A recente e injusta perseguição ao deputado Glauber Braga, com a ameaça de sua cassação política me leva a propor uma questão crucial, filosófica, política, social… Por que um certo deputado, numa cena dantesca no Congresso Nacional, num golpe contra uma mulher honesta, citou e elogiou o torturador desta mulher, e não foi cassado – como deveria por lei por fazer apologia à tortura – e recebeu uma cusparada indignada de um Jean Wyllys, que teve depois que se exilar? Esse dito deputado, de quem nunca cito nome, tornou-se depois presidente do Brasil, responsável por milhares de mortes durante a pandemia, por sua negação da vacina, envolvido com roubo de joias e tentativa de golpe de Estado e continua livre e solto por aí… enquanto Glauber, um deputado que luta por boas causas populares, de peito aberto, ao lado de sua companheira, a também deputada Sâmia Bomfim, está para ser expulso desse mesmo Congresso?
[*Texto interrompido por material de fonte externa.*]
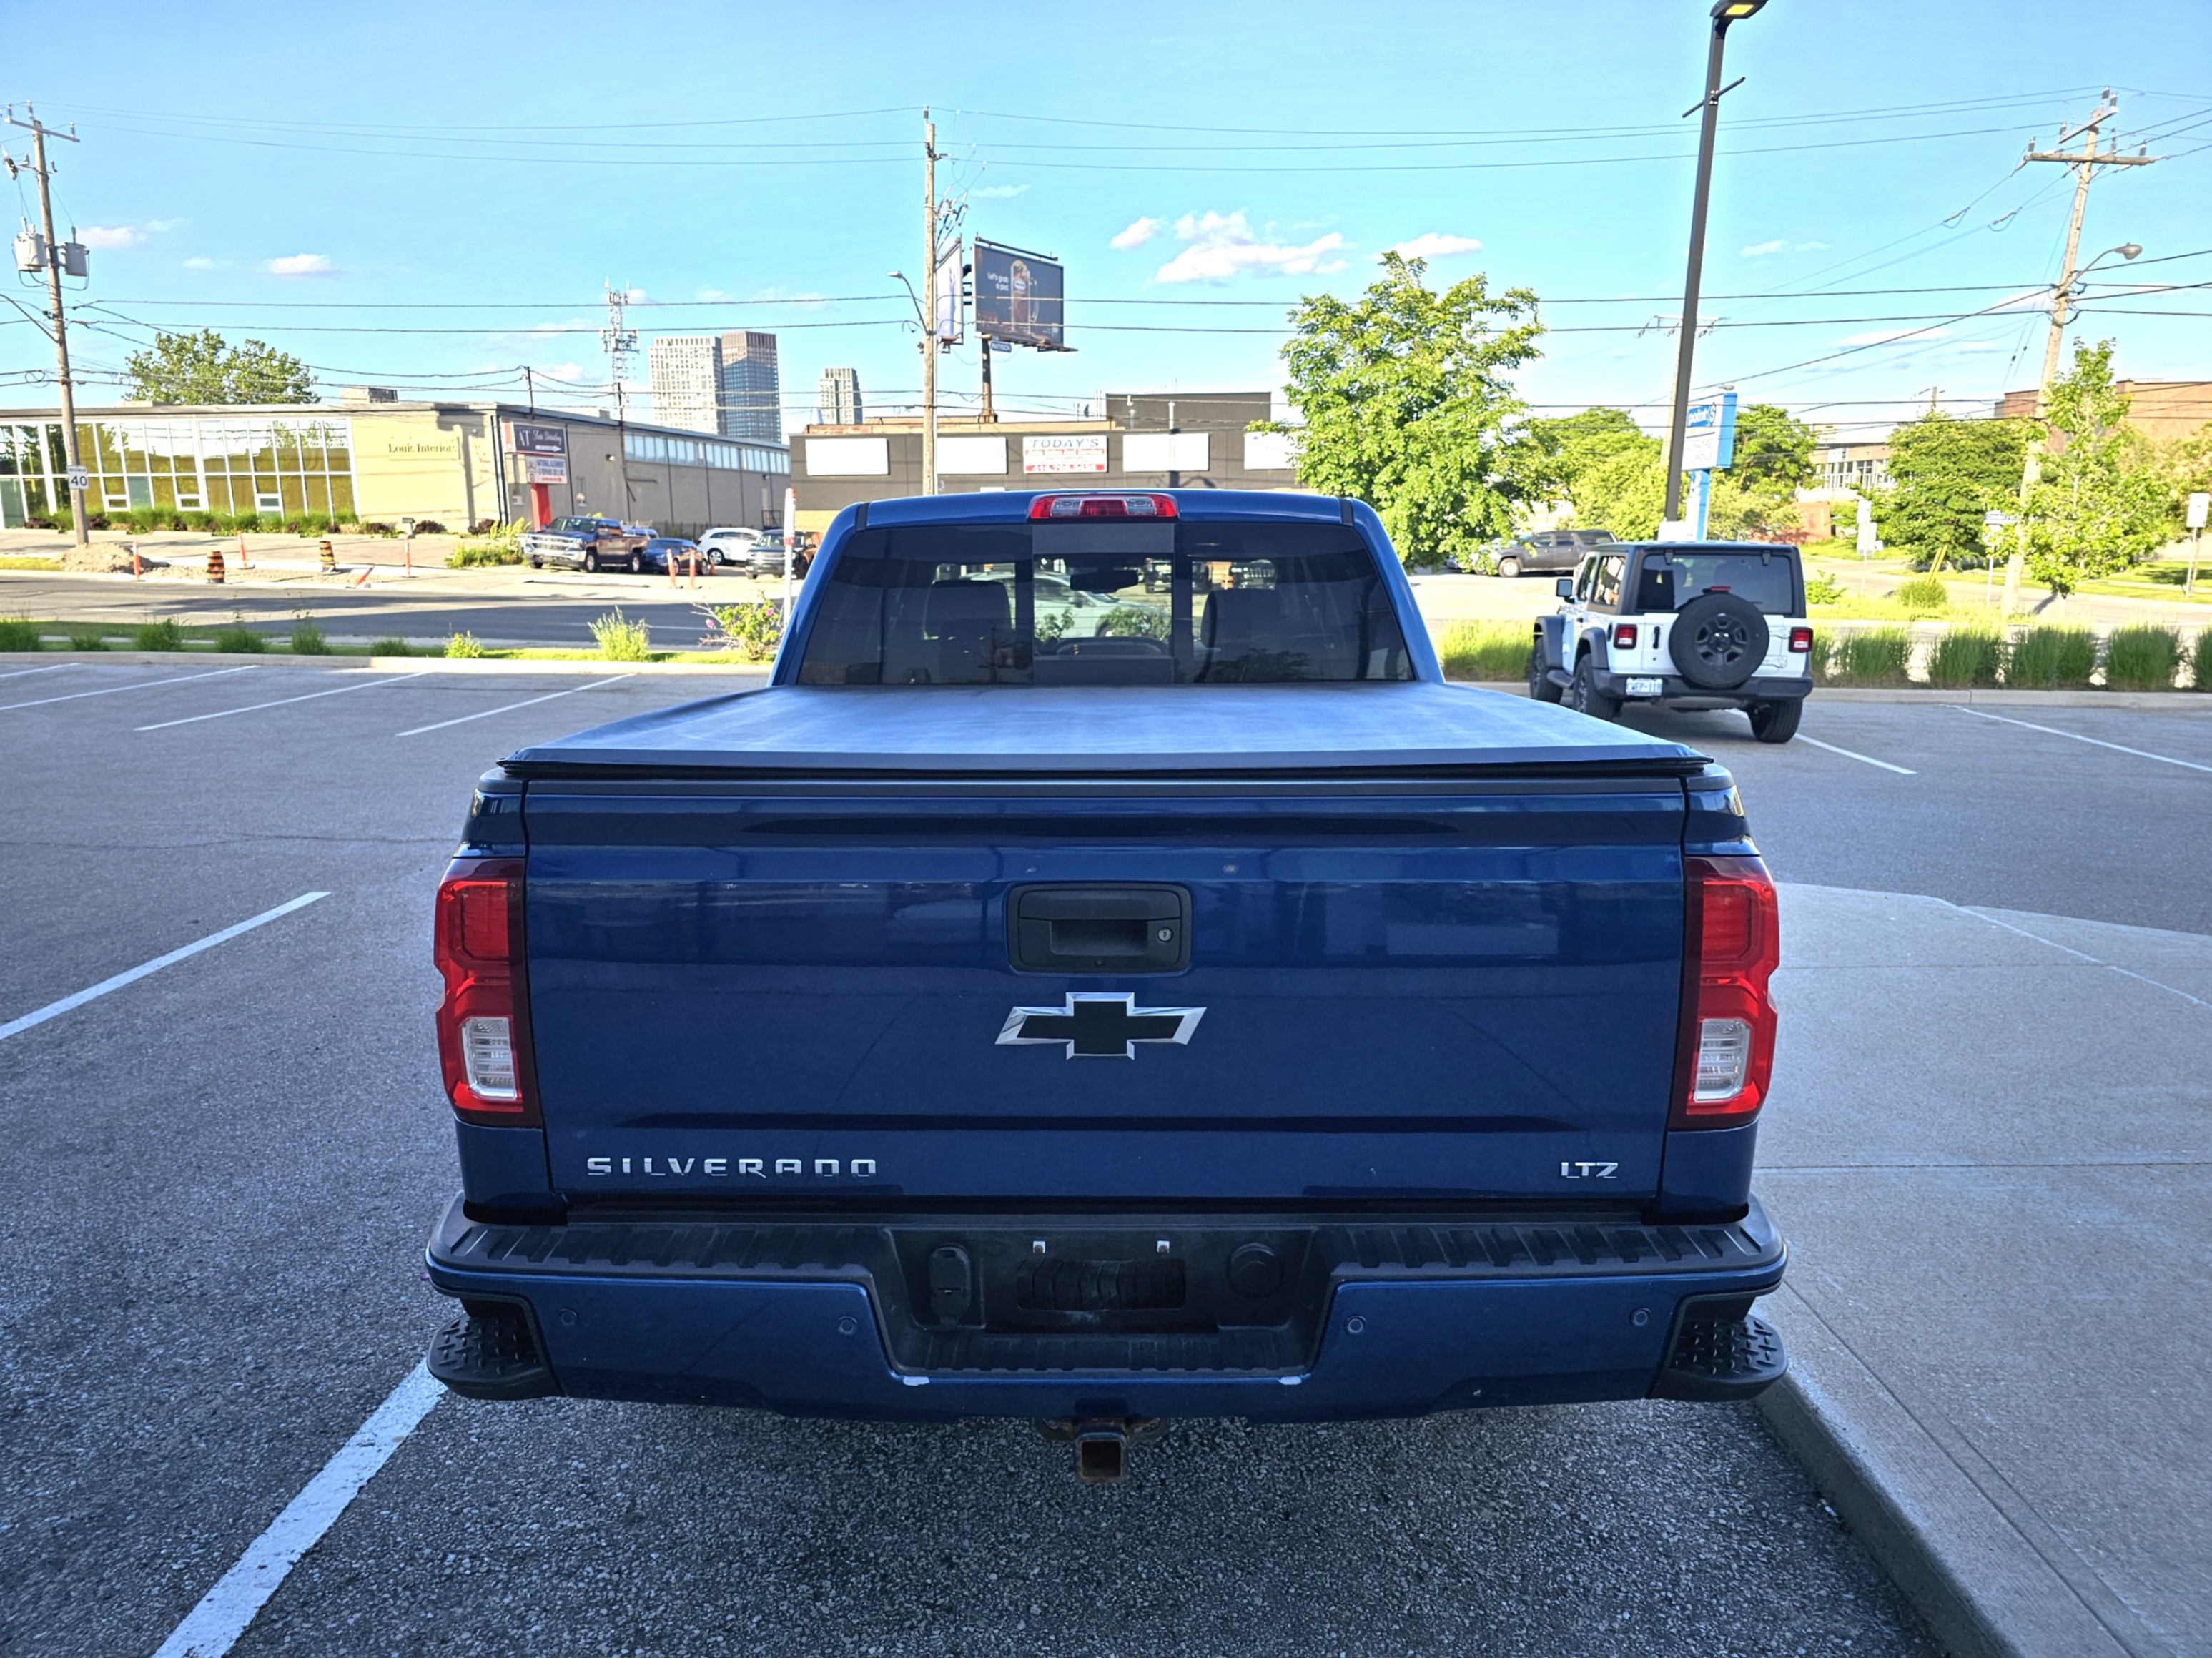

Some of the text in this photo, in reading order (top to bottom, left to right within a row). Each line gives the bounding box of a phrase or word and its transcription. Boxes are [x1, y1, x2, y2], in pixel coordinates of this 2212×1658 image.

[1031, 438, 1100, 448] TODAY'S
[71, 475, 87, 486] 40
[587, 1158, 877, 1178] SILVERADO
[1561, 1162, 1618, 1178] LTZ
Por que um Sócrates foi condenado a beber cicuta, Jesus foi crucificado, Gandhi, Martin Luther King e Malcolm X foram baleados e tantos trastes continuaram semeando suas injustiças mundo afora?

Seria esse mundo sempre palco da vitória dos injustos, dos violentos, dos que exercem um poder corrupto e opressor? E a perseguição, o martírio mesmo, seria apenas o prêmio dos que lutam por um mundo melhor?
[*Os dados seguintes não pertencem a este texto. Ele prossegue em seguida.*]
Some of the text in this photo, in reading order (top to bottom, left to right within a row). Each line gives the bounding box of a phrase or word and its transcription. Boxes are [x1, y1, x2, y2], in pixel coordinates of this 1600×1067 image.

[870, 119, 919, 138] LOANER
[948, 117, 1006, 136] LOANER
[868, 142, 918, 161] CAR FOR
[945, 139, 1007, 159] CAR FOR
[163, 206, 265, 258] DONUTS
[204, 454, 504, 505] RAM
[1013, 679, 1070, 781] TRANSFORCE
Não significa isso que possamos dividir a humanidade de forma maniqueísta entre bons e maus. Todos somos humanos e temos nossas luzes e nossas sombras – embora em alguns precisemos procurar com lupa alguma réstia de luz escondida. Mas há sim um lado certo da história, o lado dos que se empenham em transformar a sociedade num lugar melhor de se viver, o lado dos que trabalham por causas justas, fraternas, libertárias… e há os que se colocam como parasitas, dominadores, opressores. Não significa que os que estão do lado certo sejam isentos de enganos e sombras. Não há pureza neste mundo, no sentido absoluto do termo. E, às vezes, sacrificamos e cancelamos os melhores, por suas fraquezas humanas, e mantemos os piores, com todos os seus crimes, na liderança hipocritamente moralista.

Há um trecho do Livro dos Espíritos, de Allan Kardec, que trata justamente deste tema, na questão 932:

 “Por que, neste mundo, os maus exercem geralmente maior influência sobre os bons?
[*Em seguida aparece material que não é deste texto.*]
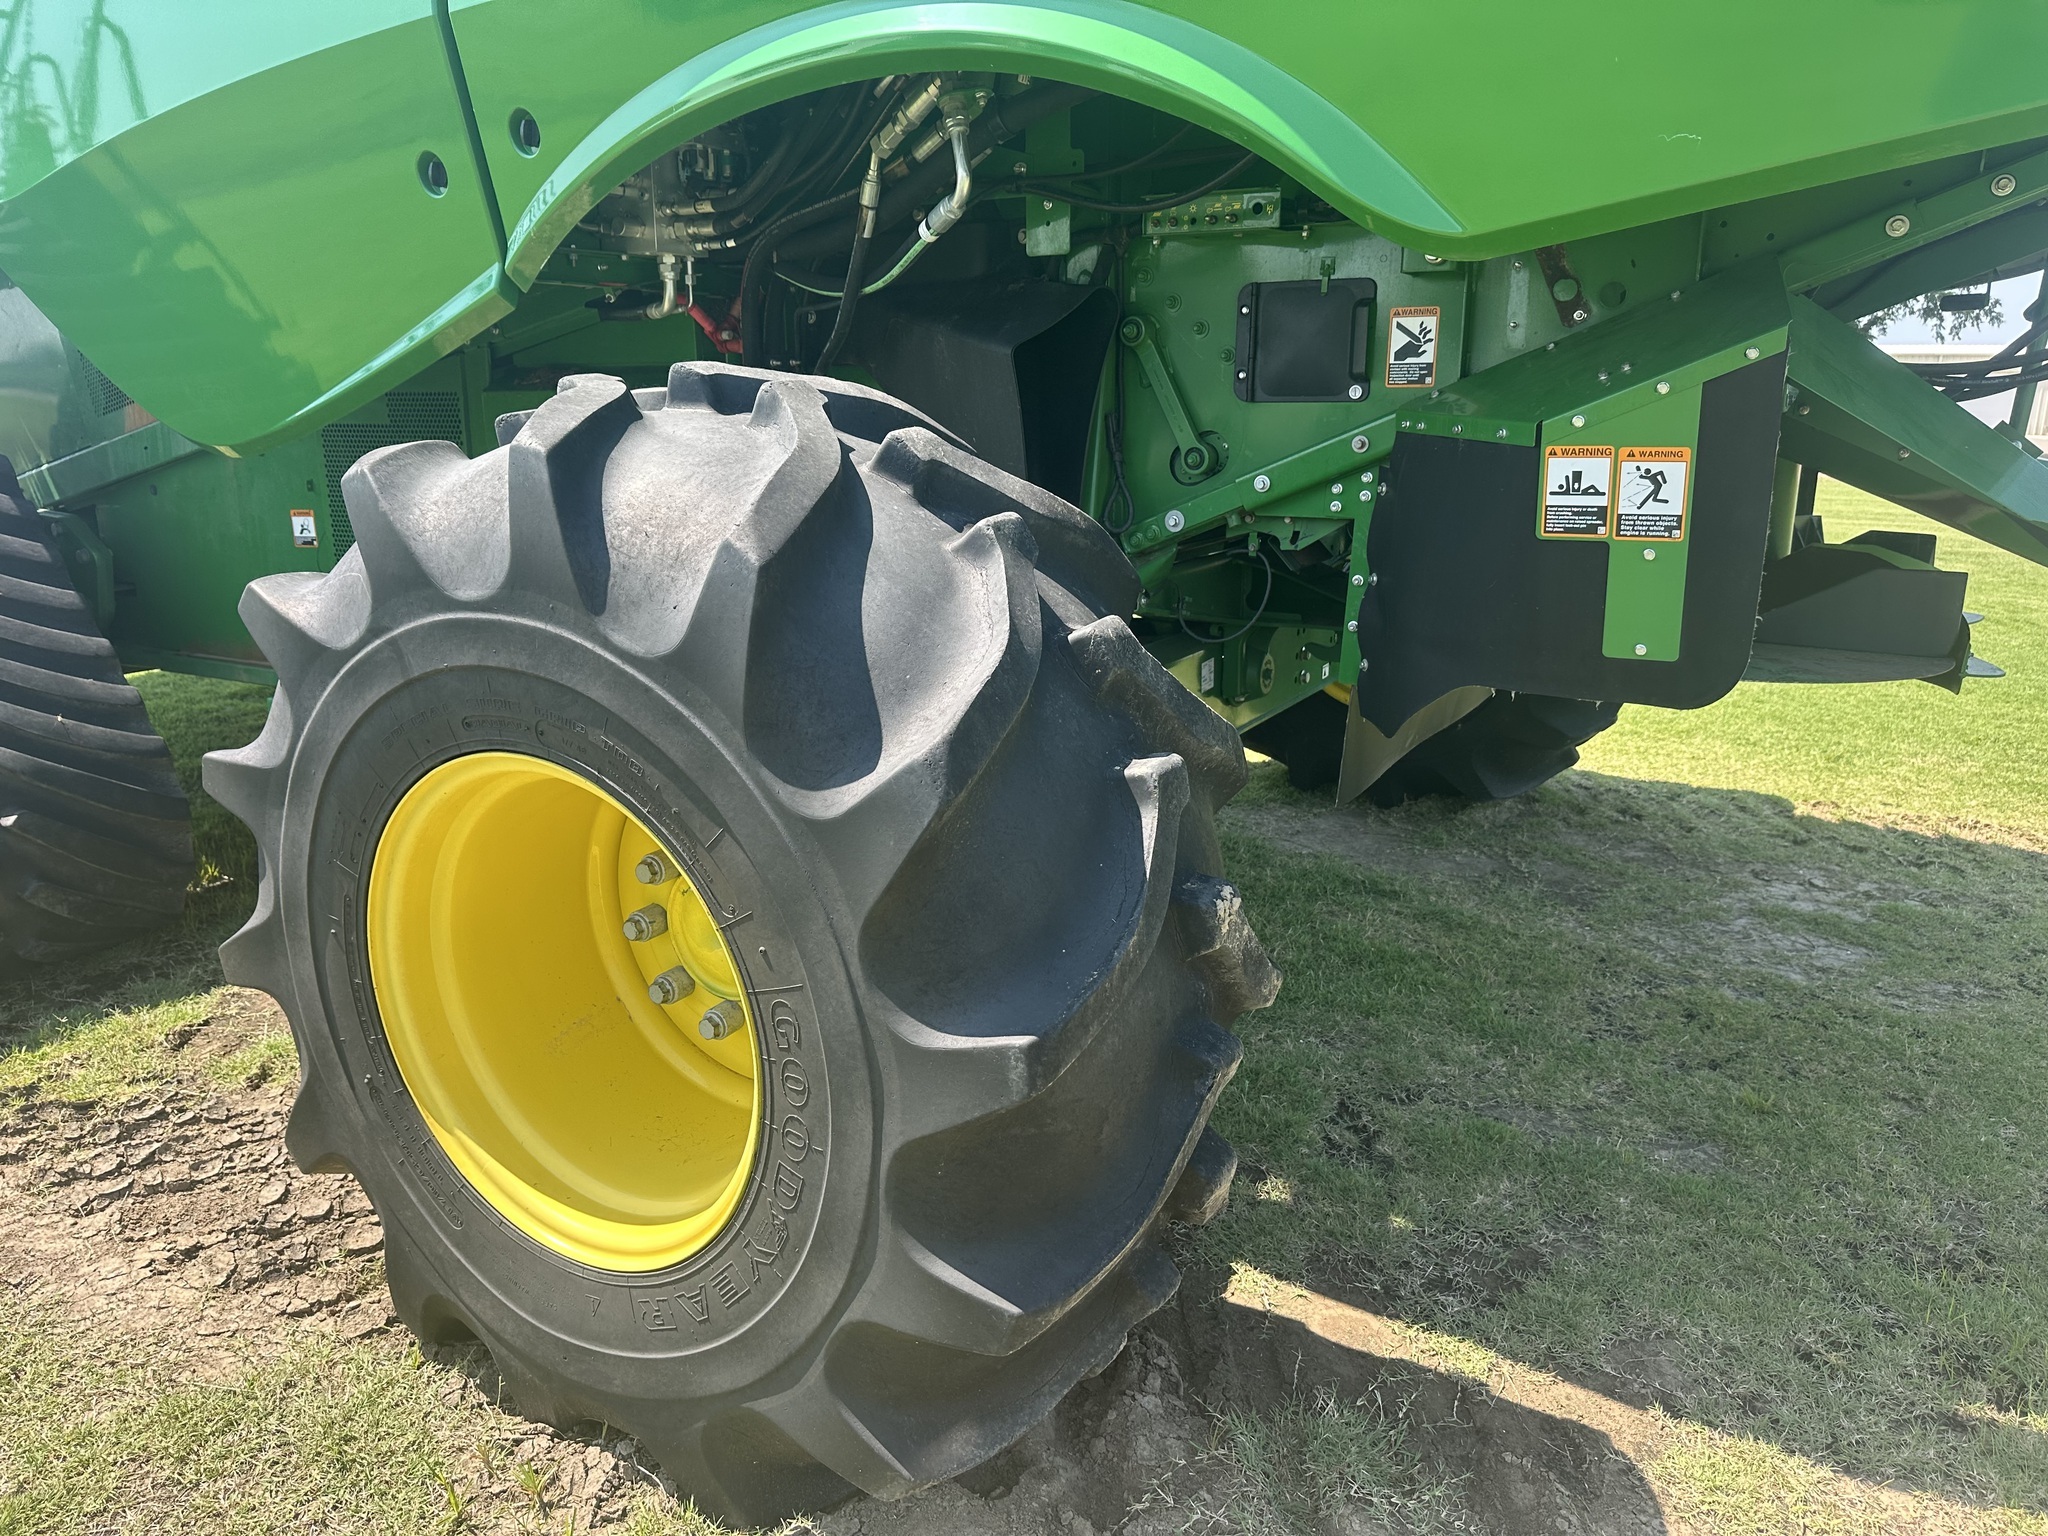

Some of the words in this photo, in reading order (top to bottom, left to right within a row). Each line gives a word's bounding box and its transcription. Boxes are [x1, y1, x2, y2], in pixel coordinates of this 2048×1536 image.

[1400, 307, 1438, 316] WARNING
[1560, 447, 1612, 456] WARNING
[1639, 450, 1684, 458] WARNING
[638, 999, 810, 1331] GOODYEAR
– Pela fraqueza dos bons. Os maus são intrigantes e audaciosos; os bons são tímidos. Estes, quando quiserem, assumirão a preponderância.”

Há uma apatia dos que são levados pelos intrigantes e audaciosos e às vezes até uma admiração pelo poder que oprime, uma submissão servil da maioria aos piores. Ao mesmo tempo, há uma inveja dos bons. Melanie Klein, a grande psicanalista que inspirou outro grande psicanalista, Winnicott, dava uma definição perfeita sobre a inveja – como o ódio do que é bom. Por isso, o povo escolheu Barrabás e não Jesus, a democracia grega condenou Sócrates e os próprios hindus mataram Gandhi.

Assim, é preciso trabalhar na base da sociedade, através de uma educação emancipadora e não modeladora para o mercado e através do acesso democrático à possibilidade de análise e terapia. E que se desperte com isso nas pessoas desde cedo a coragem, a autoestima, a consciência e, portanto, a capacidade de tomar a história nas mãos, para construirmos outros cenários para o mundo.

Entretanto, é preciso acrescentar a estas reflexões um dado muito objetivo desta apatia dos bons. Estamos mergulhados num cotidiano que nos massacra, neste sistema do capital, a que somos obrigados servir, para sobreviver. Não nos sobra tempo para pensar, criticar, analisar, agir, nos revoltarmos. Não sobra energia para vivermos. Então, os mais conscientes limitam-se a compartilhar em seus stories do Instagram um meme de “Glauber fica”, porque não há tempo e espaço para mobilização. Pelo menos vimos a presença maciça no Rio de apoiadores do deputado em questão, com a fala guerreira, límpida e forte da querida Erundina. Mas tudo é muito fragmentado e impotente, num mundo em que vivemos mais no virtual do que no real e em que as massas são cooptadas pela mídia corporativa, pelas Fake News, pelas religiões fundamentalistas…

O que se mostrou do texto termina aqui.